(Recorded data)
____________________

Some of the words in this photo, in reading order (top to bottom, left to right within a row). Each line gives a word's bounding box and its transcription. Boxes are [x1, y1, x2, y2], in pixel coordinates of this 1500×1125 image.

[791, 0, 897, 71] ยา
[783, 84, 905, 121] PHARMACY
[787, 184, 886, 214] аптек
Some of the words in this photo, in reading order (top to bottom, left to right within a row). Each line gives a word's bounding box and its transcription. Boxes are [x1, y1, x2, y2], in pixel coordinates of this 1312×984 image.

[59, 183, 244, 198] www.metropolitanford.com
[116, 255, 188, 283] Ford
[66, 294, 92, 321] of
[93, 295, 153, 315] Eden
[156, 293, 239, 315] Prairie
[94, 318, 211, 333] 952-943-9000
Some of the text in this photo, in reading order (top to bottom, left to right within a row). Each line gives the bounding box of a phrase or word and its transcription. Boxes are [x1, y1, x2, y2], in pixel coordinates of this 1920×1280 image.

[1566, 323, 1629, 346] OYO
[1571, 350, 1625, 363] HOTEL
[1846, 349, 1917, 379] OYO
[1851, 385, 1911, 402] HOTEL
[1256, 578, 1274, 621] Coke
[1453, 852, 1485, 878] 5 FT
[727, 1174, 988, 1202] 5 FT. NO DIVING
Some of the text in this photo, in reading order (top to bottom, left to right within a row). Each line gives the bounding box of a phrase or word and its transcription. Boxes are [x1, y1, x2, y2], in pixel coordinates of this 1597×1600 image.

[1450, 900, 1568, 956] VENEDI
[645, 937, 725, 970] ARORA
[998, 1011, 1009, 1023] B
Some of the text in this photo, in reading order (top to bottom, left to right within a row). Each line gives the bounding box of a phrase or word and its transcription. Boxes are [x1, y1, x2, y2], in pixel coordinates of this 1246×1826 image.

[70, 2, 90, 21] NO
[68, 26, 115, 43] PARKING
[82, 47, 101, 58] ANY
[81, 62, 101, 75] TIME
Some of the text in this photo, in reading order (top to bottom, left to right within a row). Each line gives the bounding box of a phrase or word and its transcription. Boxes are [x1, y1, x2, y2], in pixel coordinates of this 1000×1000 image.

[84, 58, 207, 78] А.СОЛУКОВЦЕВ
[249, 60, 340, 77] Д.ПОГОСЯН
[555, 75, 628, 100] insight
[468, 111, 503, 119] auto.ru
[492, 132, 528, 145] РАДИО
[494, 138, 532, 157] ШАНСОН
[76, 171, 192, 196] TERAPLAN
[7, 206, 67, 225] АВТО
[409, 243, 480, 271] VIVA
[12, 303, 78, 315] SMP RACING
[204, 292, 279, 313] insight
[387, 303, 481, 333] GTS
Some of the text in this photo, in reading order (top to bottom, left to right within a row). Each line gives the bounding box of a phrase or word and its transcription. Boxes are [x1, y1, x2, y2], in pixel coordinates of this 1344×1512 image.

____________________

Keep to the lines from the one containing "this 1597×1600 image." to the end of the entries above, and retype them exactly.

Some of the text in this photo, in reading order (top to bottom, left to right within a row). Each line gives the bounding box of a phrase or word and its transcription. Boxes are [x1, y1, x2, y2], in pixel coordinates of this 1597×1600 image.

[1450, 900, 1568, 956] VENEDI
[645, 937, 725, 970] ARORA
[998, 1011, 1009, 1023] B
Some of the text in this photo, in reading order (top to bottom, left to right within a row). Each line gives the bounding box of a phrase or word and its transcription. Boxes are [x1, y1, x2, y2], in pixel coordinates of this 1246×1826 image.

[70, 2, 90, 21] NO
[68, 26, 115, 43] PARKING
[82, 47, 101, 58] ANY
[81, 62, 101, 75] TIME
Some of the text in this photo, in reading order (top to bottom, left to right within a row). Each line gives the bounding box of a phrase or word and its transcription. Boxes are [x1, y1, x2, y2], in pixel coordinates of this 1000×1000 image.

[84, 58, 207, 78] А.СОЛУКОВЦЕВ
[249, 60, 340, 77] Д.ПОГОСЯН
[555, 75, 628, 100] insight
[468, 111, 503, 119] auto.ru
[492, 132, 528, 145] РАДИО
[494, 138, 532, 157] ШАНСОН
[76, 171, 192, 196] TERAPLAN
[7, 206, 67, 225] АВТО
[409, 243, 480, 271] VIVA
[12, 303, 78, 315] SMP RACING
[204, 292, 279, 313] insight
[387, 303, 481, 333] GTS
Some of the text in this photo, in reading order (top to bottom, left to right within a row). Each line gives the bounding box of a phrase or word and its transcription. Boxes are [x1, y1, x2, y2], in pixel coordinates of this 1344×1512 image.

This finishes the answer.